Featured Technologies

March 12, 2026

AI-controlled robots are expected to play an active role due to the aging population and resulting decline in the workforce population. However, widespread adoption has been slow even in areas such as autonomous forklifts where the technology has been put to practical use. NEC believes that the root cause is a feeling of anxiety toward AI-controlled robots, and the company is developing a new type of control technology in response. To learn more, we spoke with several researchers about the details of this technology, which was designed not only to ensure physical safety but also to avoid making people feel anxious.

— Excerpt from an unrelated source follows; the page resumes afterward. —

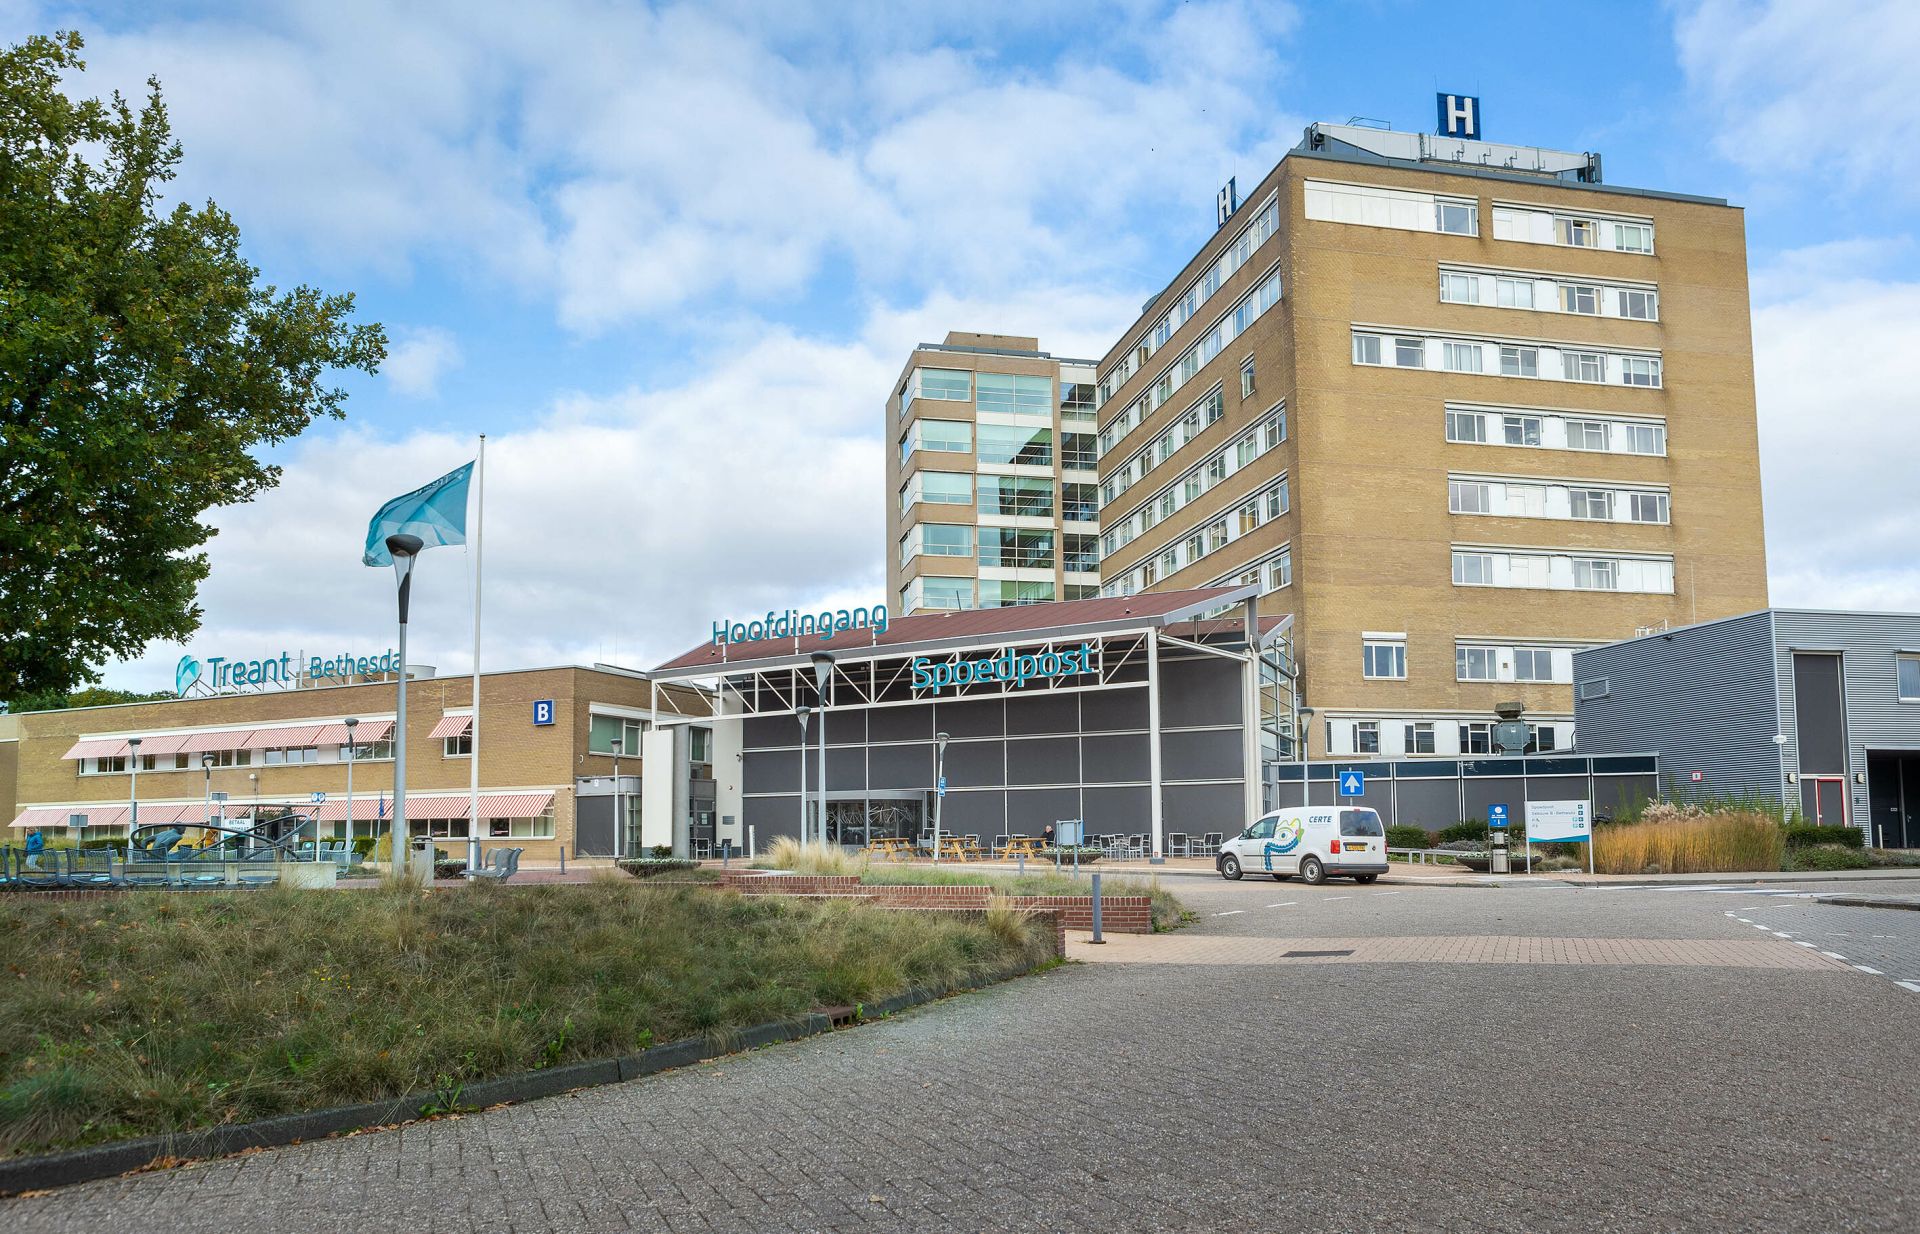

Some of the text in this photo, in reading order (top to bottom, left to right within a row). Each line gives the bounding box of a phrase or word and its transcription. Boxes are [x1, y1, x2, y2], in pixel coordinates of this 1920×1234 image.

Addressing the psychological factors hindering the adoption of AI-controlled robots

Hiroshi Yoshida
Senior Principal Researcher
Visual Intelligence Research Laboratories

― What kind of technology is affective robot control?

Yoshida: This technology is designed to alleviate the anxiety that people feel toward AI-controlled robots and promote collaboration between people and robots. Using a proprietary world model from NEC (Note 1), it predicts human movement and the level of anxiety in real time to achieve robot control that does not cause humans to feel stress. The key point is that we have realized a kind of control that addresses not only efficiency but also safety and human peace of mind in an approach that is unlike any other in the world. “Affective” is an English word which means “emotional” or “feeling.” In recent years, it has also been used as the English translation for the Japanese word “Kansei” used in the field of “Kansei Engineering,” which originated in Japan and aims to integrate engineering with psychology.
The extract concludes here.